> WORKING DATA:
╔══
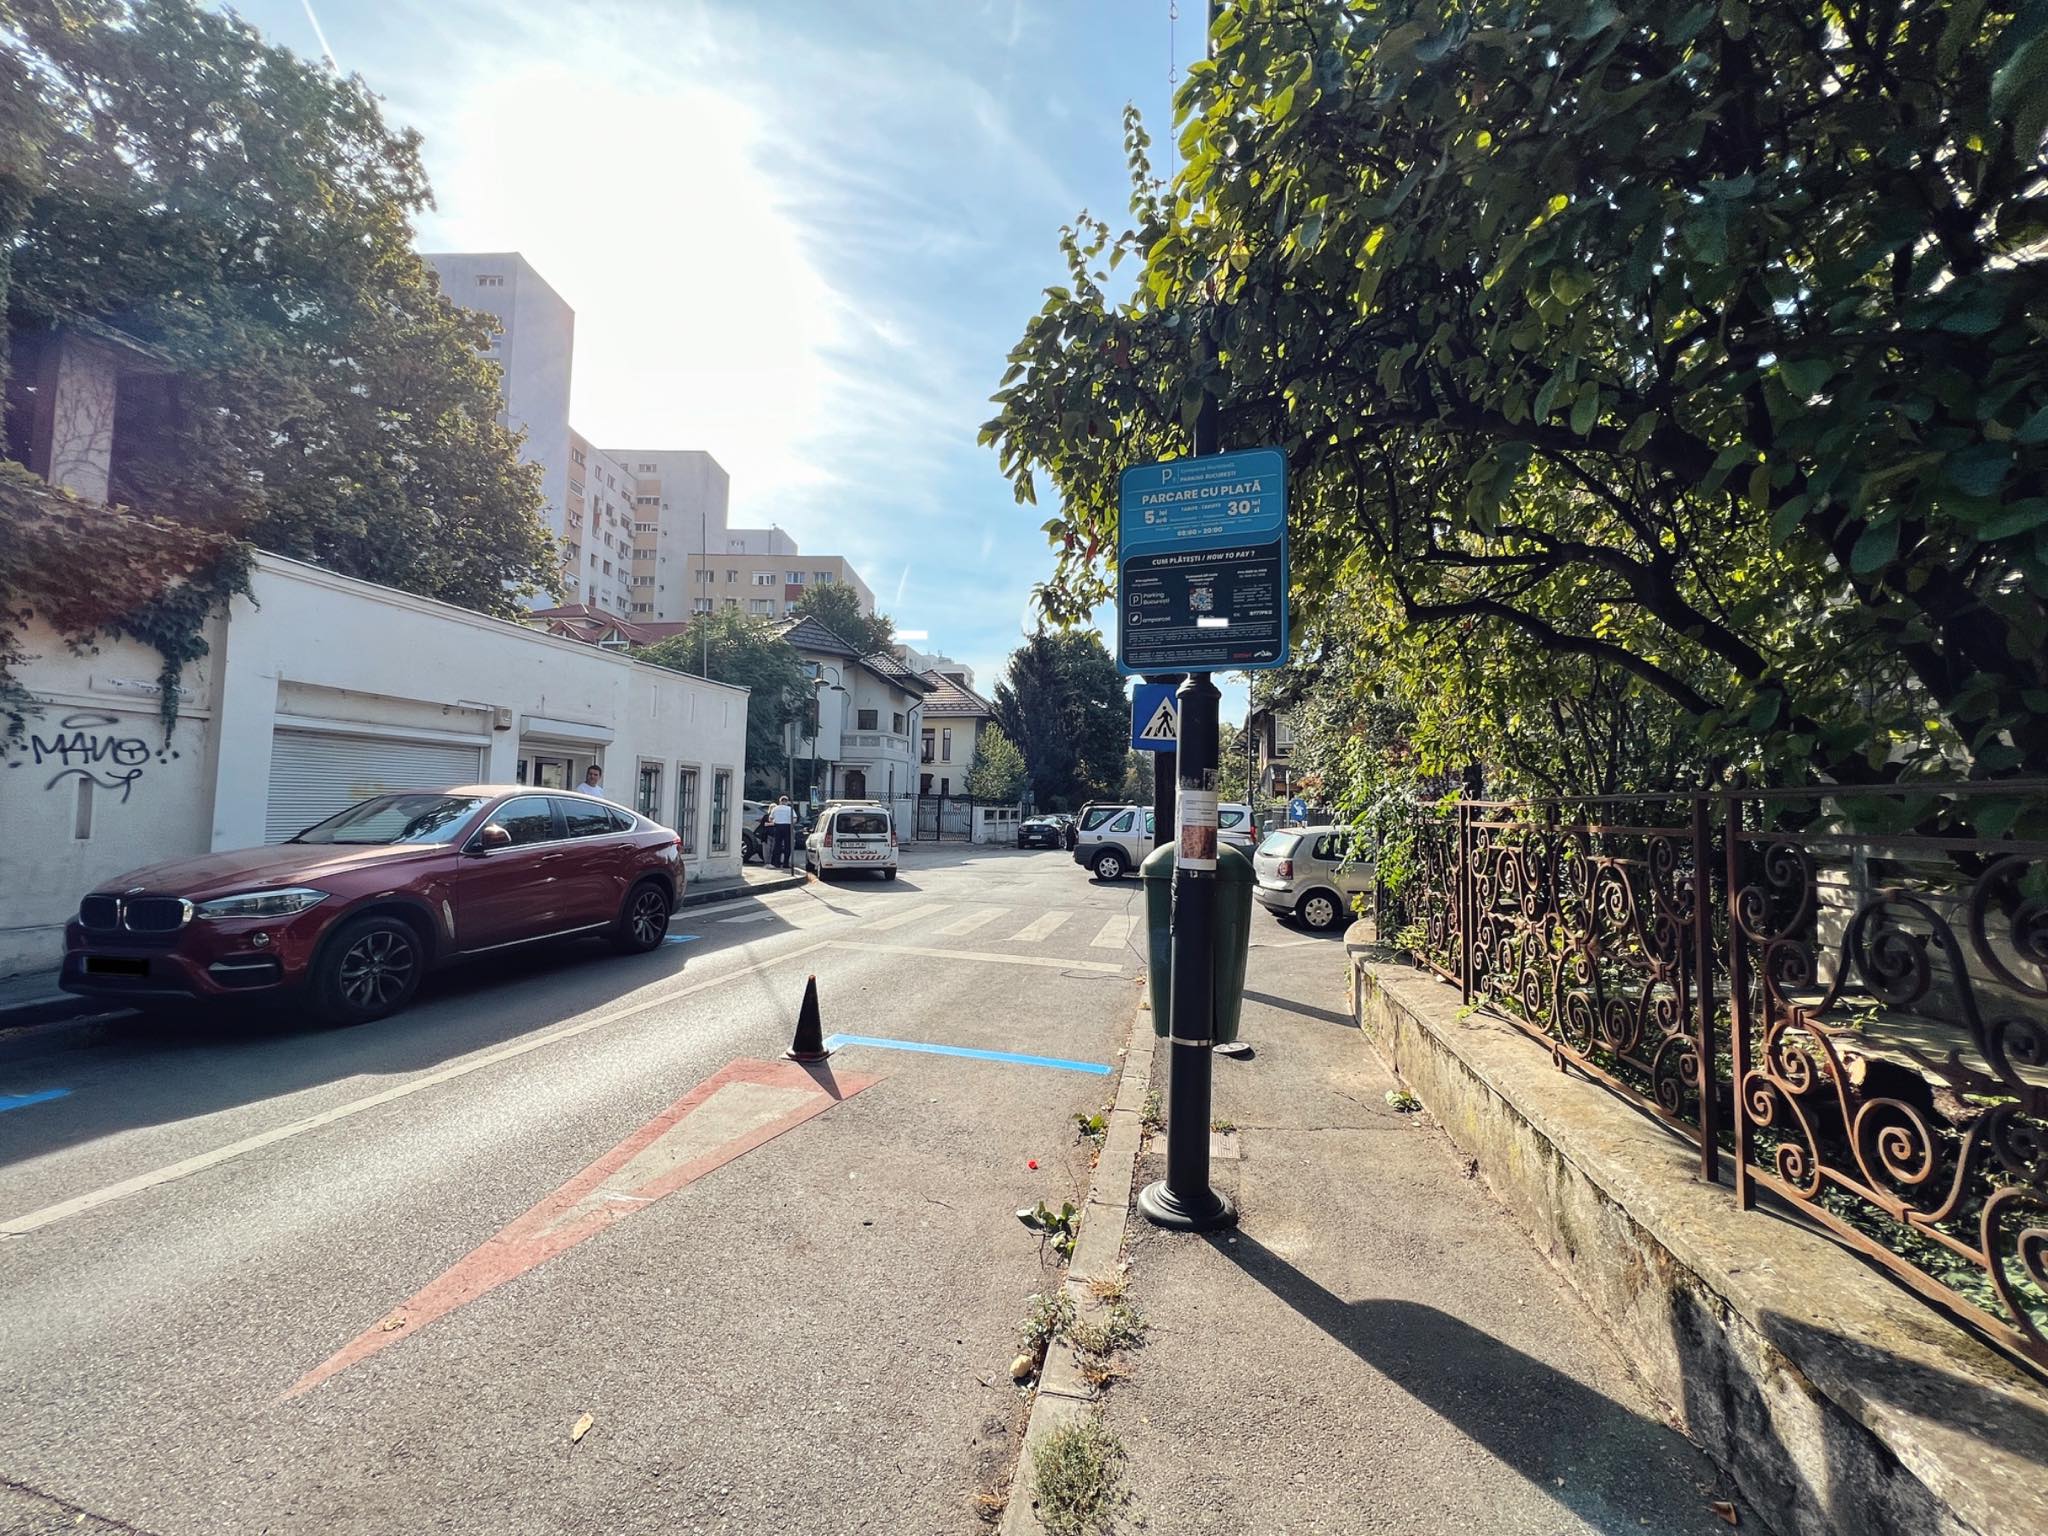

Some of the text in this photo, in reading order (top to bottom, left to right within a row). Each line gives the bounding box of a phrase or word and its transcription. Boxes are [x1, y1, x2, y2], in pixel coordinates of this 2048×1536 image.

[1142, 479, 1262, 505] PARCARE CU PLATĂ
[1227, 500, 1251, 516] 30
[1144, 510, 1155, 524] 5
[1203, 526, 1223, 534] 20:00
[1152, 558, 1168, 566] CUM
[1206, 553, 1224, 561] HOW
[1235, 550, 1250, 558] PAY
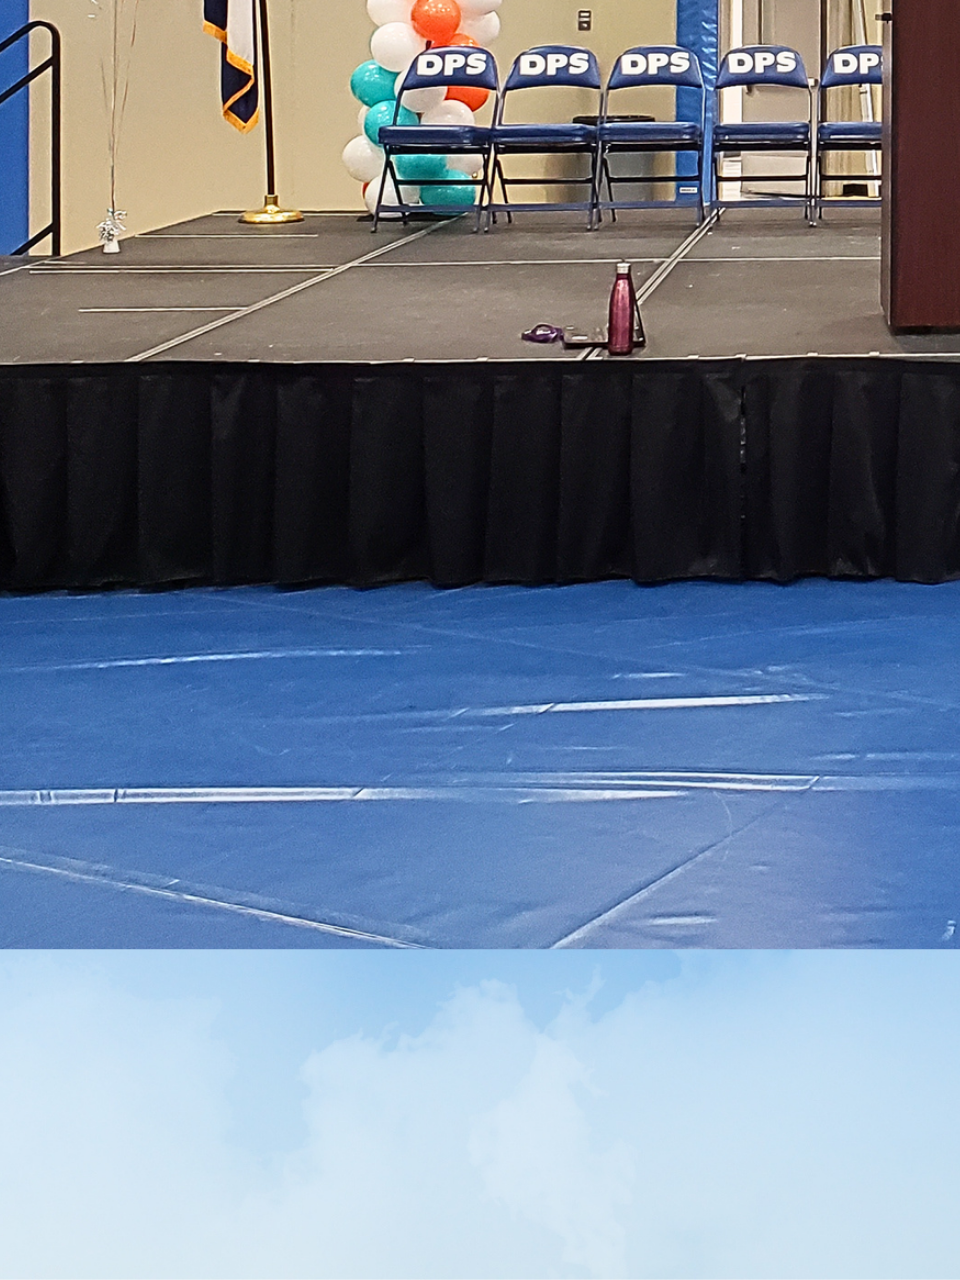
╚══
> WHAT IS NEEDED: When copying the entries above, keep each word as it is and exclude any image.

> EXERCISE ANSWER:
Some of the text in this photo, in reading order (top to bottom, left to right within a row). Each line gives the bounding box of a phrase or word and its transcription. Boxes are [x1, y1, x2, y2], in pixel coordinates of this 2048×1536 image.

[1142, 479, 1262, 505] PARCARE CU PLATĂ
[1227, 500, 1251, 516] 30
[1144, 510, 1155, 524] 5
[1203, 526, 1223, 534] 20:00
[1152, 558, 1168, 566] CUM
[1206, 553, 1224, 561] HOW
[1235, 550, 1250, 558] PAY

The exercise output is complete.